By establishing a single national floor at a time of other major economic transformations, Congress set in motion a series of substantial positive economic changes in the South (Wright 1997). In particular, the isolated economies of the rural South became more linked to the national economy. The South prospered in succeeding decades, and the southern regional wage differential became much smaller. A similar development occurred as a result of the civil rights revolution and the associated extension of Fair Labor Standard Act coverage to more of the South’s industries (Wright 2005, 2015; Derenencourt and Montialoux 2018).

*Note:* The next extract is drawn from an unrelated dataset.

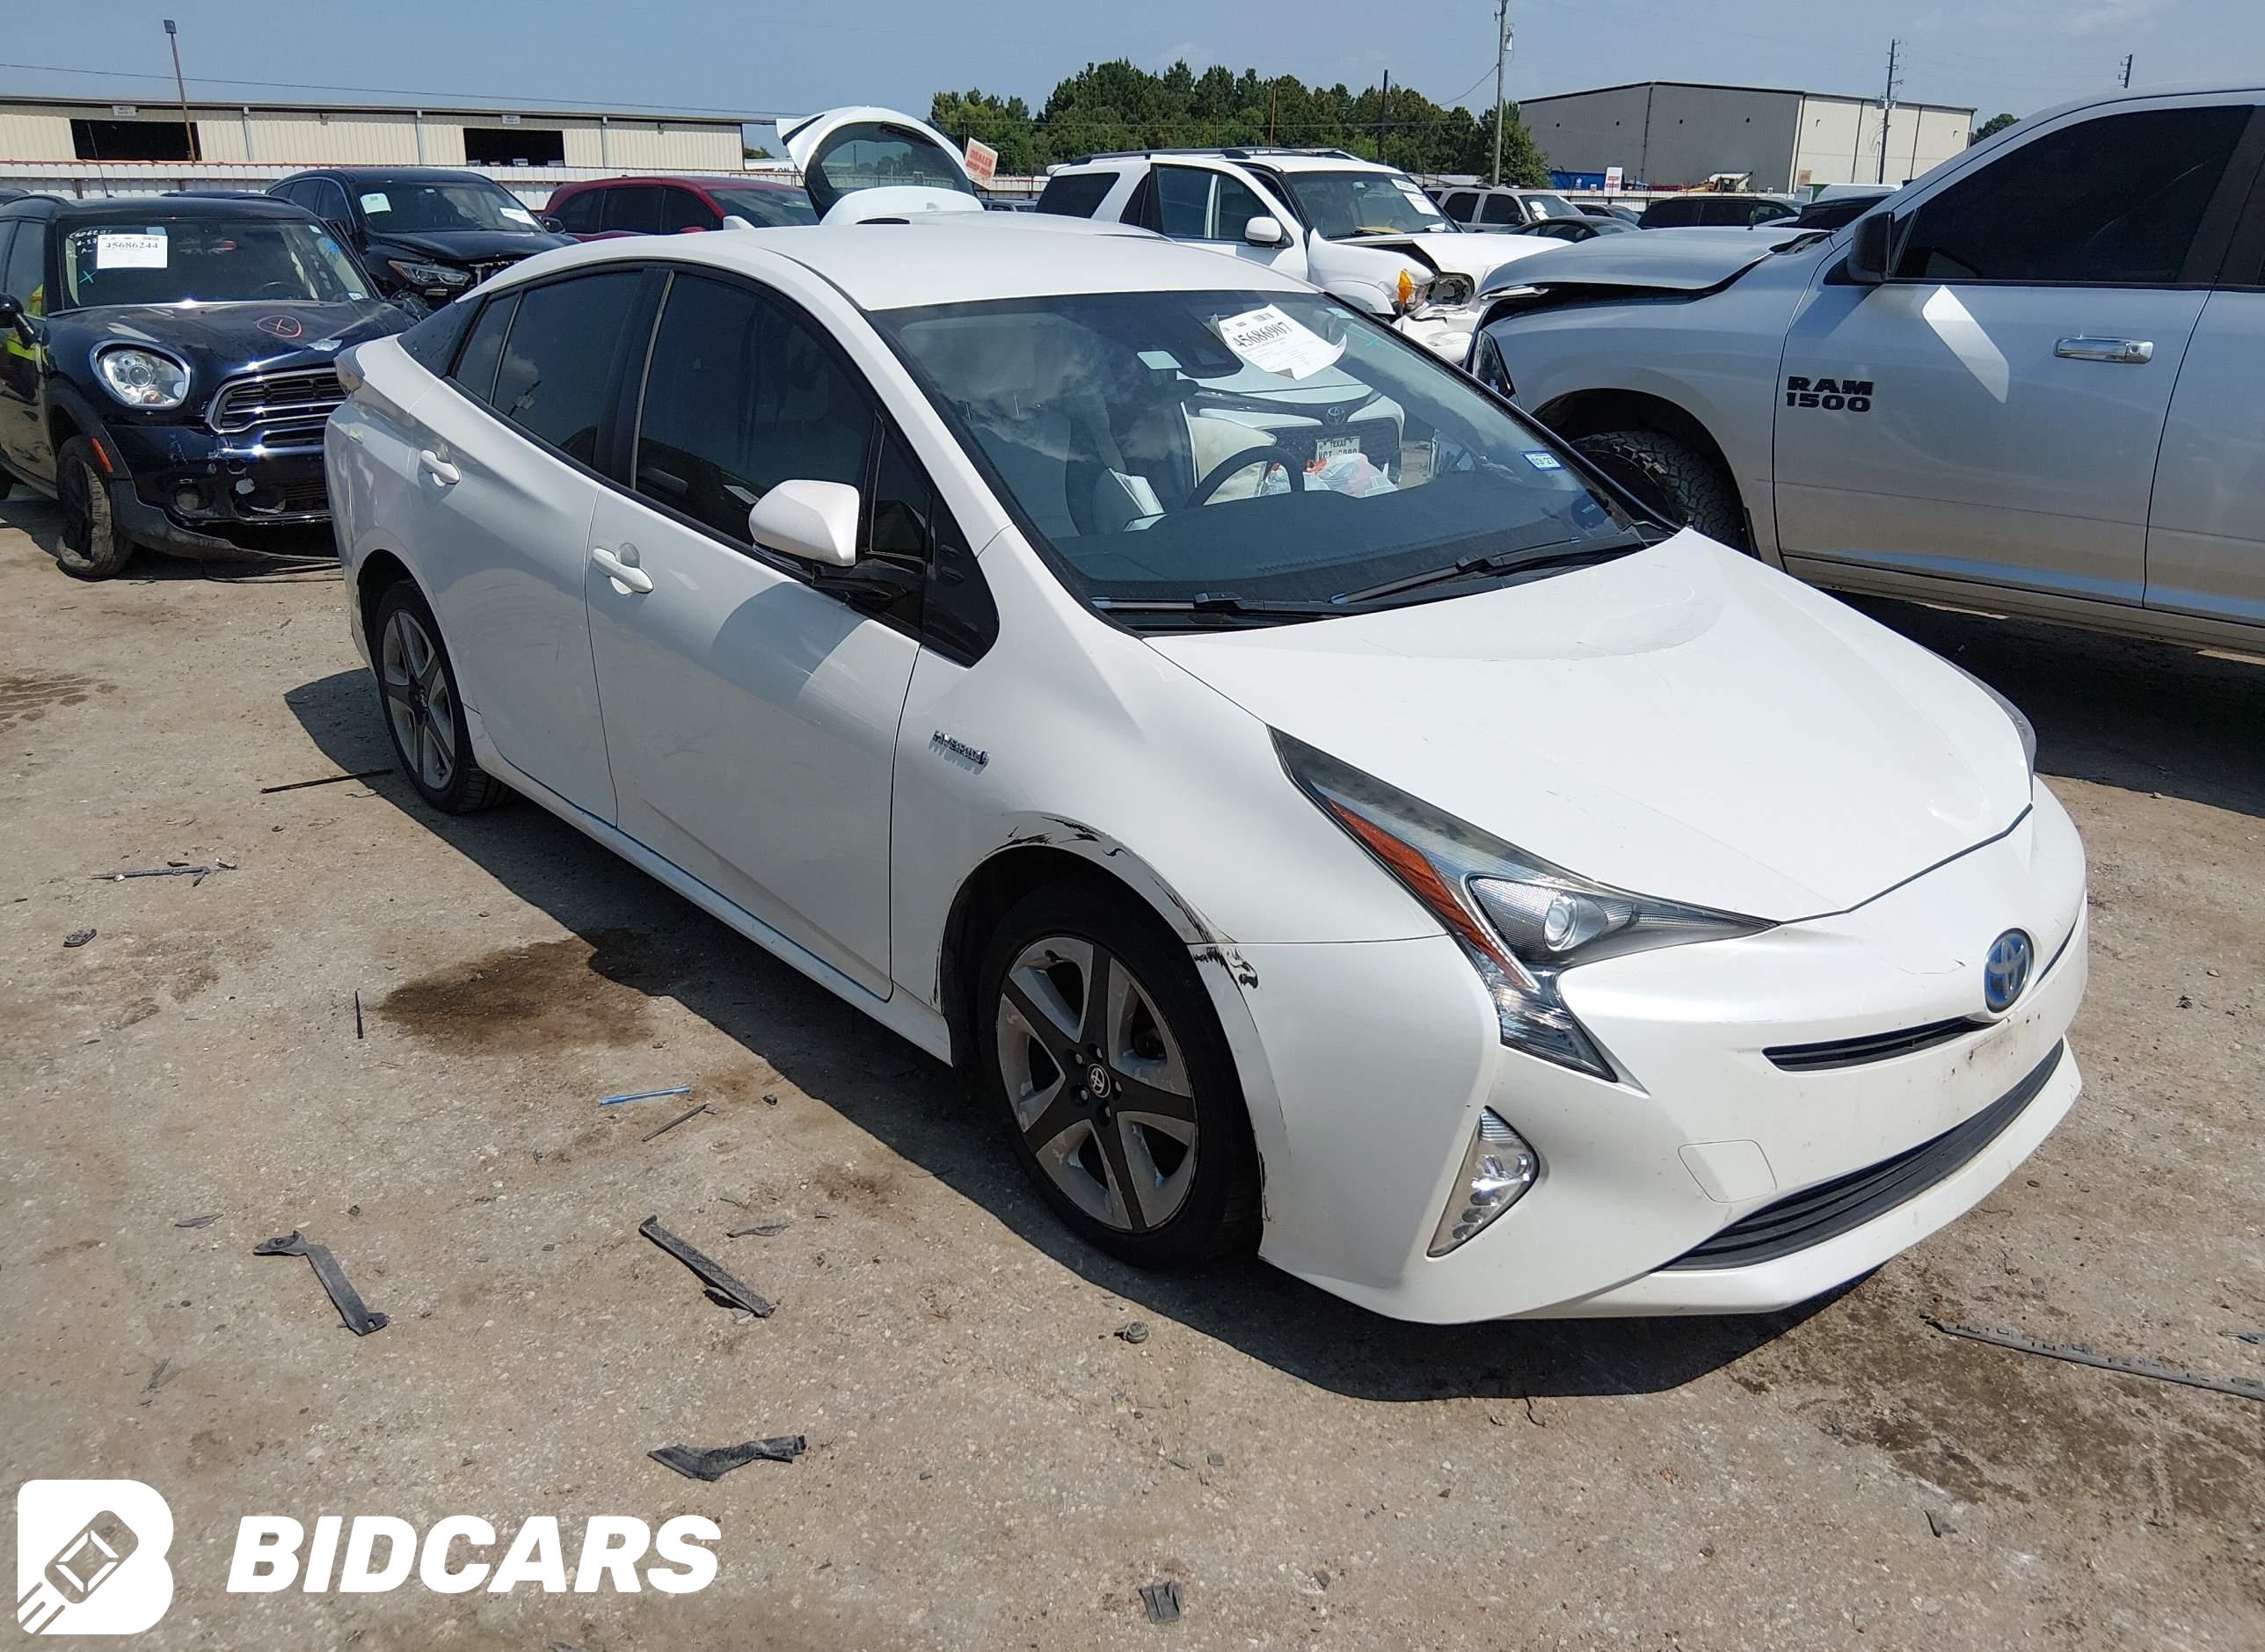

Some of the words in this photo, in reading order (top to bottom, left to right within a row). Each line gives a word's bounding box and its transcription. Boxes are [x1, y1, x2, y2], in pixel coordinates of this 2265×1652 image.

Congress did authorize states to set higher floors. States began to do so in the 1980s and with increasing frequency, especially as Congressional inaction has allowed the real value of the minimum wage to decline over time. The patchwork of state minimum wages today allows states to adjust their minimum wages to reflect living cost differences among the states.17

The key disadvantage of regionalizing the federal floor concerns the potential dynamic effects that high minimum wages can exert on low-wage areas. Minimum wage policy cannot by itself transform a stagnating economic region into a dynamic one. But it can contribute to such a transformation.

7. SHOULD WE KEEP SUBMINIMUM WAGES FOR TIPPED WORKERS AND YOUTH?

Tipped workers The minimum wage for tipped workers has remained at $2.13 since 1991. Numerous states set a higher subminimum; seven states set the tipped worker minimum as the same as for other workers. Tips are approximately the same percentage in non-tip credit states as in the $2.13 states, suggesting that most consumers leave tips as a gratuity for customer service. They are not aware that their tips help pay the employee’s minimum wage, in many cases benefiting owners more than the workers. Tipping is substantially a U.S. practice, not common in other industrialized countries.

Allegretto and Nadler (2015) used the variation among the states in the size of the “tip credit” to analyze the effects of the policy. They found that lower subminimum wages left more restaurant servers, many of them female and of color, in poverty. They did not find any positive effects on

16 Congress also exempted major economic sectors from minimum wage protection, diminishing its effects, especially in the Southern states. Most of these exclusions were reversed in subsequent amendments to the FLSA. 17 State minimum wage variation also reflects other economic and political factors that are beyond our scope here.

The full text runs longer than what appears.